Alberta's Health Information Act (HIA): what therapists need to know about email
If you’re a therapist or psychologist practising in Alberta, your email containing health information is governed by the Health Information Act, not Ontario’s PHIPA. HIA applies to “custodians” of health information, and if you provide health services in Alberta, that includes you. This guide covers what HIA requires for email, where Gmail falls short, and what makes Alberta’s requirements different from Ontario’s.
Who is a “custodian” under HIA?
The Health Information Act defines a custodian under section 1(1)(f) as a broad category that includes health services providers who are regulated members under the Health Professions Act. Psychologists regulated by the College of Alberta Psychologists (CAP) are custodians. So are physicians, nurses, social workers, and other regulated health professionals.
This matters because HIA’s obligations attach to the custodian, not the organization.
If you’re a solo psychologist, you’re personally responsible for meeting HIA’s requirements for every system that touches health information, including your email. That includes you.
If that sounds like a lot of weight for a solo practice, you’re not wrong. But most of these obligations come down to documentation, not technical complexity.
A note on scope: CAP is expanding to regulate counselling therapists in Alberta. When that expansion takes effect, more practitioners will fall under the custodian definition and HIA’s obligations will apply to them as well. We’ve published a full guide to CAP’s practice standards for email and electronic communication and a detailed look at CAP expanding to regulate counselling therapists that covers the expansion timeline, HIA obligations, and what counselling therapists can do now to prepare.
Ontario’s PHIPA uses a similar concept (“health information custodian”) but defines it differently. The parallel is useful for therapists who see clients in both provinces, but the statutory definitions aren’t interchangeable.
What HIA requires for email containing health information
Security safeguards (HIA s.60)
Section 60 of the HIA creates the general duty: custodians must protect health information against theft, loss, unauthorized access, unauthorized copying, tampering, and any other form of unauthorized use or disclosure.
The Health Information Regulation (s.8) specifies how that duty should be met: through administrative, technical, and physical safeguards. For email, this means encryption. The Office of the Information and Privacy Commissioner of Alberta (OIPC) hasn’t published a prescriptive list of encryption standards for email, but the general principle across Canadian health privacy law is that opportunistic TLS alone is unlikely to meet the reasonable safeguard standard when the content is health information.
What reasonable safeguards look like in practice for email:
- Encryption in transit that doesn’t depend on the recipient’s email provider cooperating. Default TLS is a start, but it isn’t guaranteed.
- Encryption at rest for stored email containing health information. Standard Gmail storage doesn’t provide per-message encryption that prevents the email provider from accessing the content.

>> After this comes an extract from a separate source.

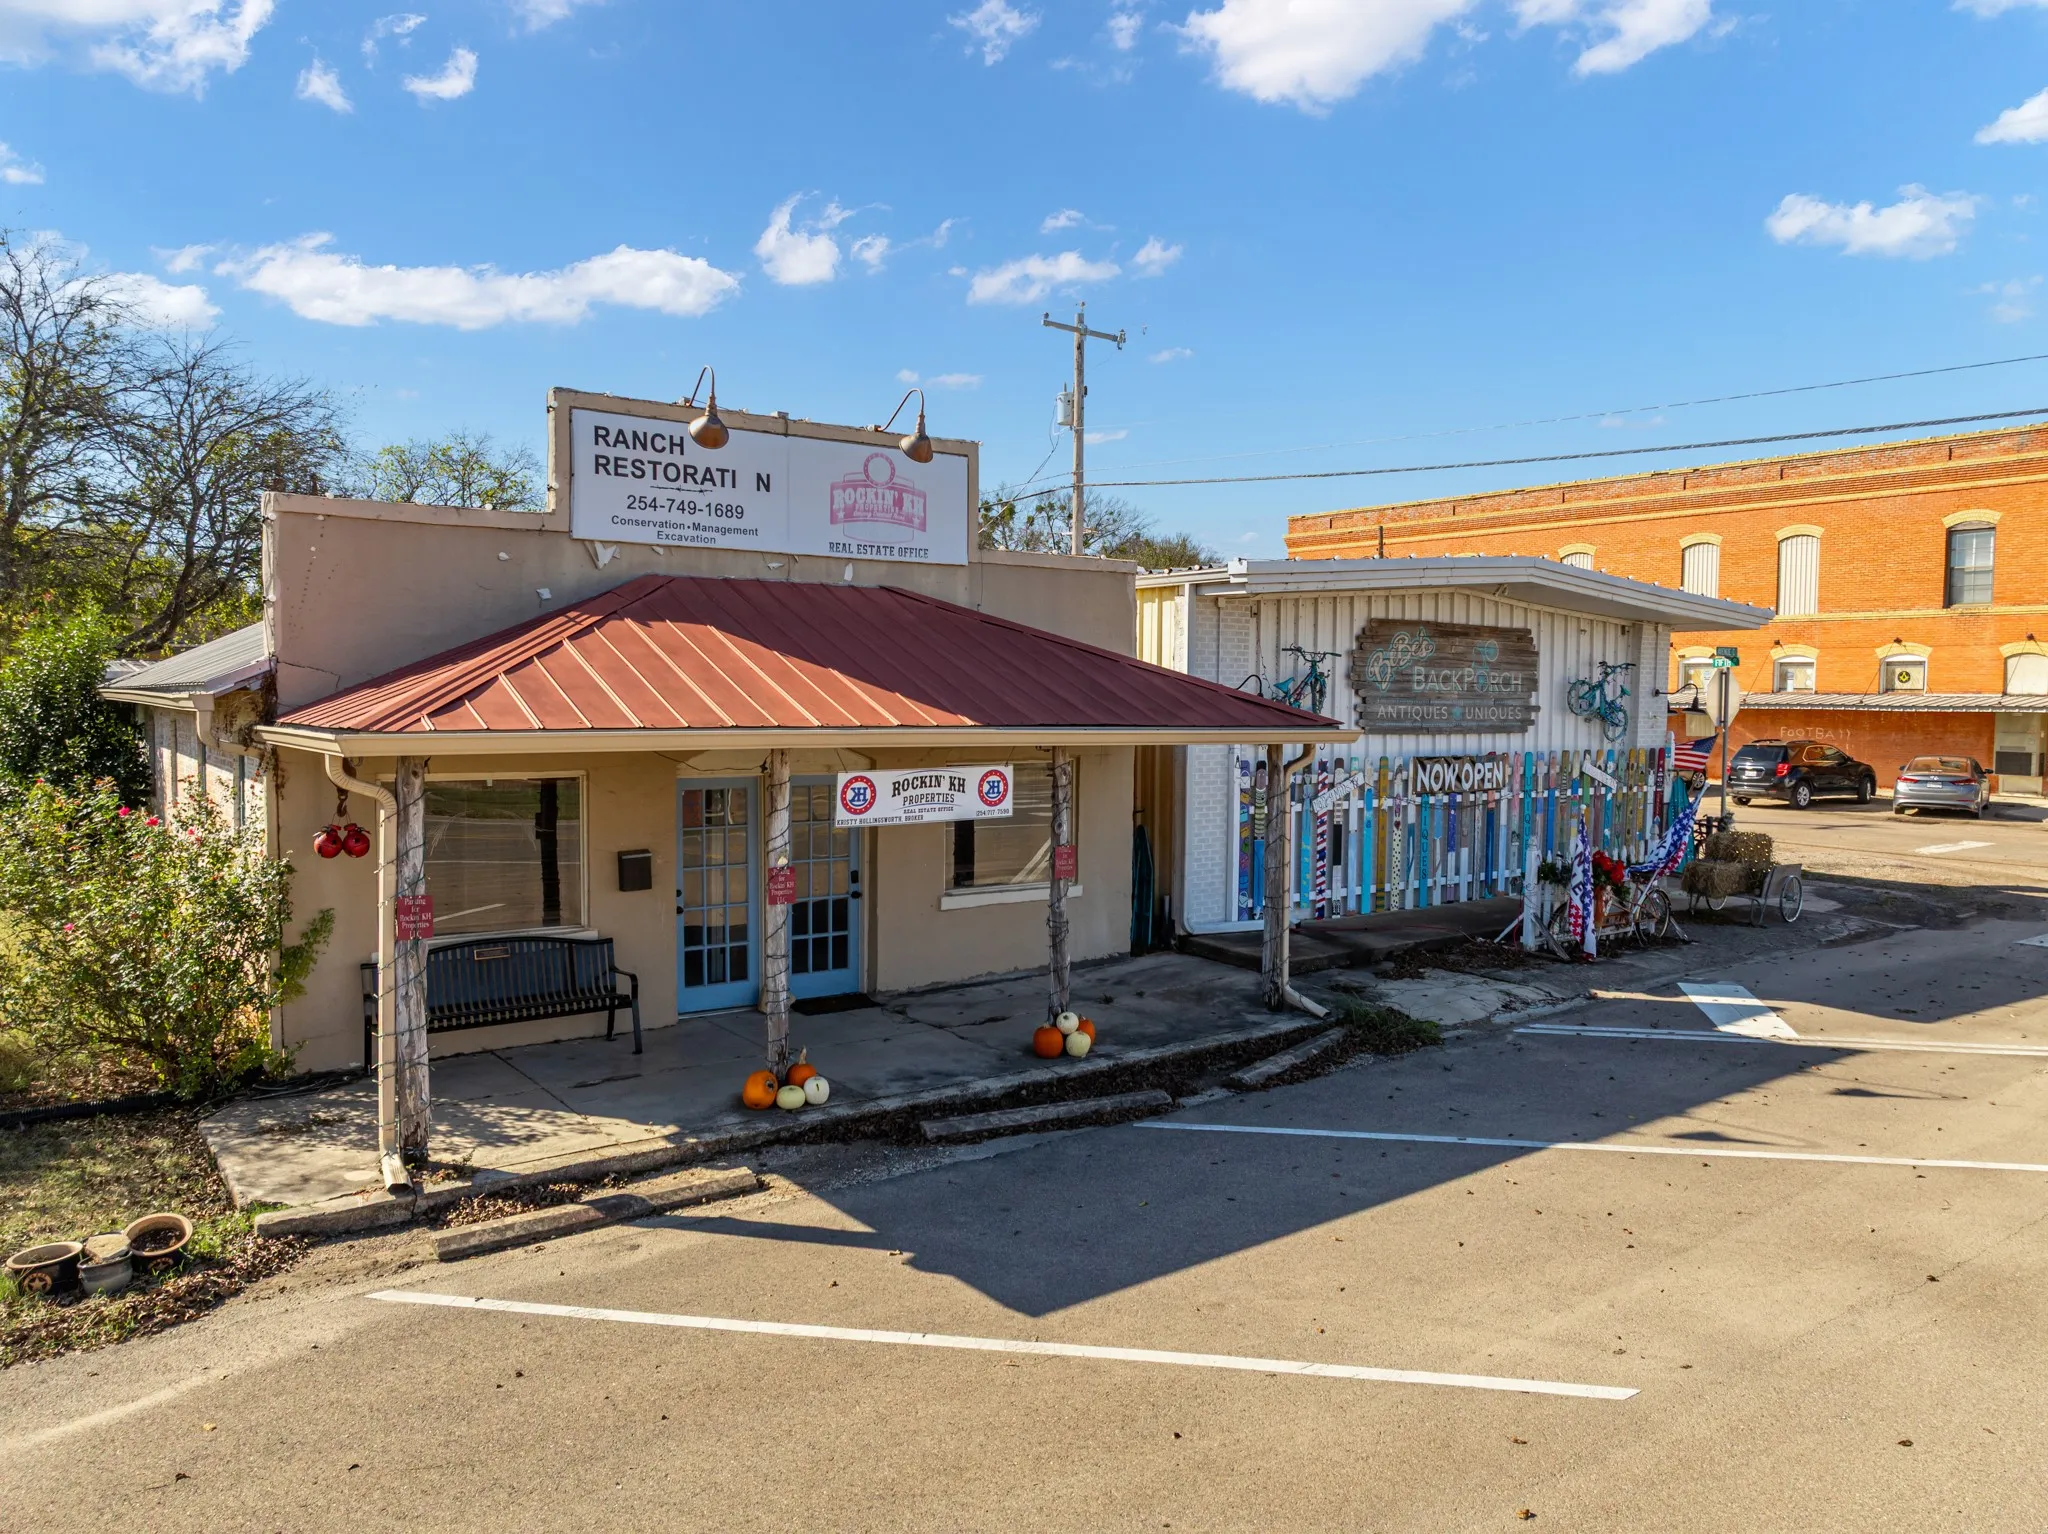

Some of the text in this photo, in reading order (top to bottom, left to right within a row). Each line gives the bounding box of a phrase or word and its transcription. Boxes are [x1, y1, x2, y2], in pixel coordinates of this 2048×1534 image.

- Access controls that limit who can read the email to authorized individuals. Strong authentication (two-factor at minimum) on the account that sends and receives health information.
The standard scales with the sensitivity of the information. Health information from therapy sessions is among the most sensitive categories. The OIPC has consistently held that more sensitive information requires stronger safeguards.
Privacy impact assessments (HIA s.64)
Here’s where Alberta diverges from Ontario. Before you start using any new system that handles health information (including your email), section 64 of the HIA requires you to prepare a privacy impact assessment (PIA) and submit it to the OIPC. Not file it for your own records. Submit it.
If you adopted Google Workspace for your practice and didn’t submit a PIA to the OIPC, there may be a gap worth assessing.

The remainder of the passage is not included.